Does $(X'X)^{-1}$ always exist?

$(X'X)^{-1}$ is NOT always invertible. Consider X a row vector, then $X'X$ is a matrix with rank 1.

In fact, $(X'X)^{-1}X'$ is the MP pseudo inverse of X, a generalization of inverse $X^{-1}$.


There are some points in your question that may warrant discussing at a conceptual level of what are we trying to achieve, rather than how to do it.

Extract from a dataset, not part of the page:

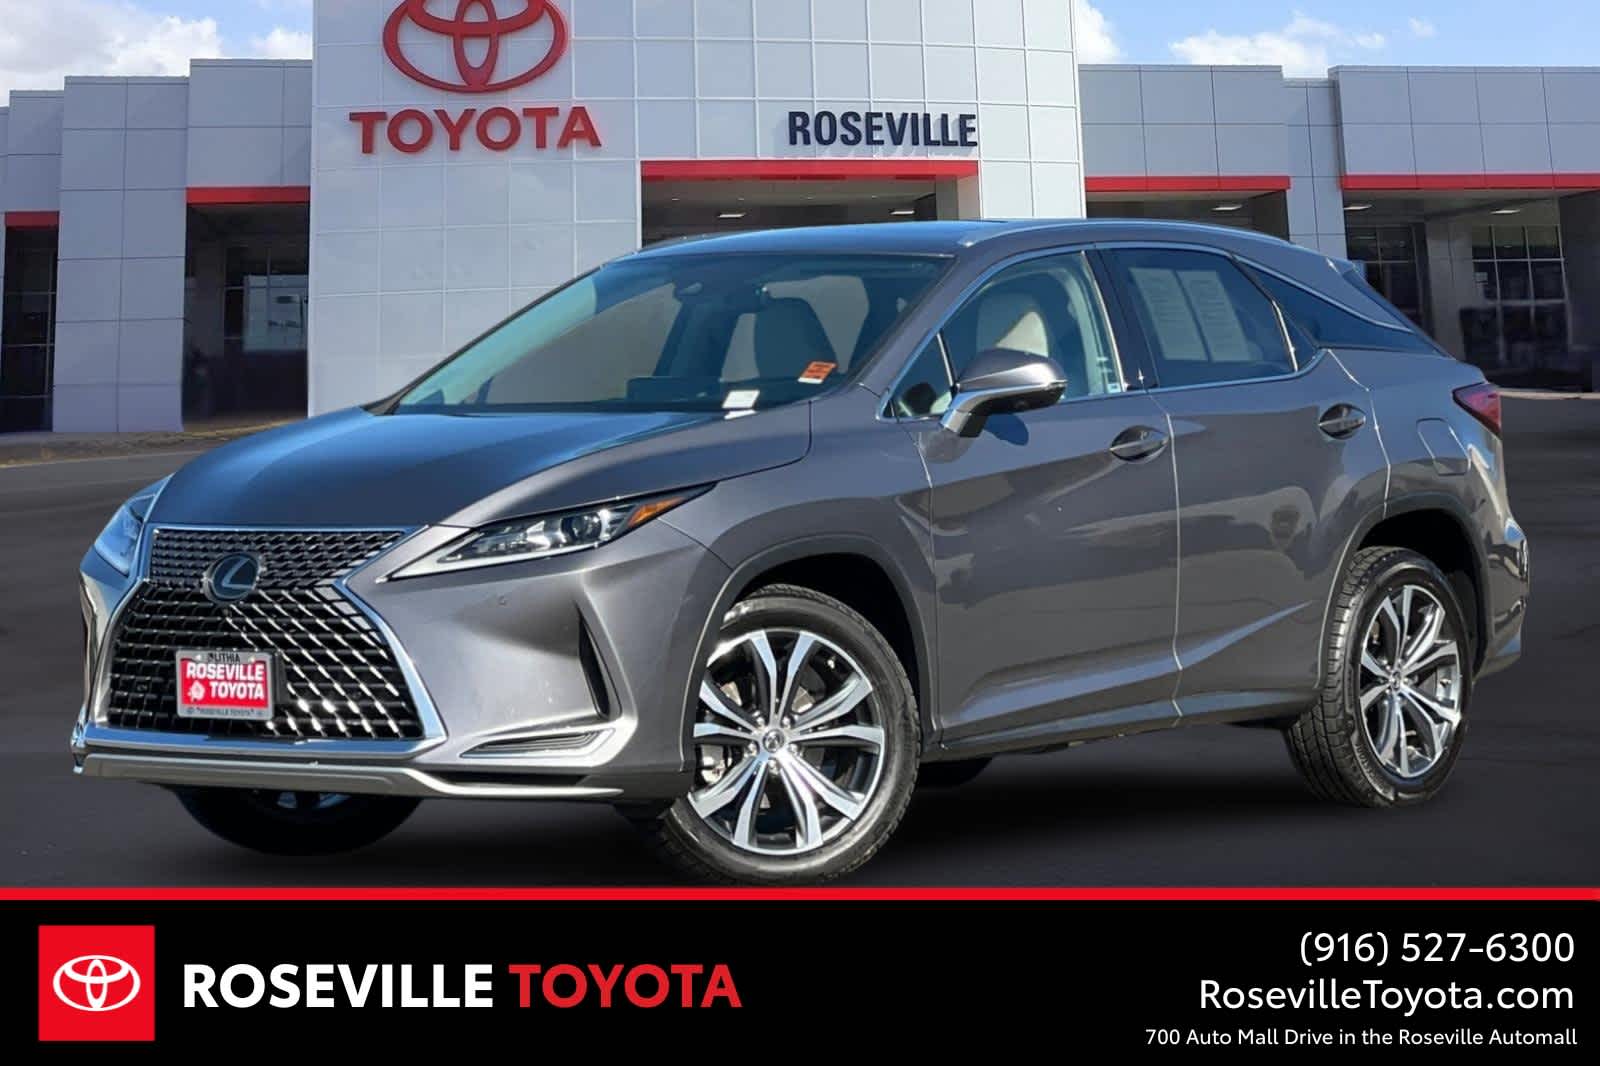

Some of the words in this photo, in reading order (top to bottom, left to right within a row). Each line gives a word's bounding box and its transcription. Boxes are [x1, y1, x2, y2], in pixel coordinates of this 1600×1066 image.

[350, 106, 602, 154] TOYOTA
[788, 110, 978, 148] ROSEVILLE
[186, 662, 264, 680] ROSEVILLE
[209, 681, 264, 700] TOYOTA

We are in the context of an over-determined system: more equations than unknowns. The unknowns are the parameters or coefficients in the linear system: $\Theta=\begin{bmatrix}\theta_1,\theta_2,\dots,\theta_n\end{bmatrix}^\top,$ with which we want to relate the explanatory variables (features or regressors) in the columns of the model matrix $X$ to the dependent variable or outcome $Y$ as: $Y=X\Theta.$

The problem stems from the fact that these explanatory variables are typically measured many times, once for every subject or example - for instance, in a medical study, the age, weight, height, blood pressure and cholesterol (explanatory variables) may be measured in hundreds of patients (matrix $X$), and attempted to relate to a dependent variable $Y$ (for example, the concentration of some biochemical marker for cancer in blood). Note that his is the opposite problem to an under-determined system in which there are only a few rows of measurements.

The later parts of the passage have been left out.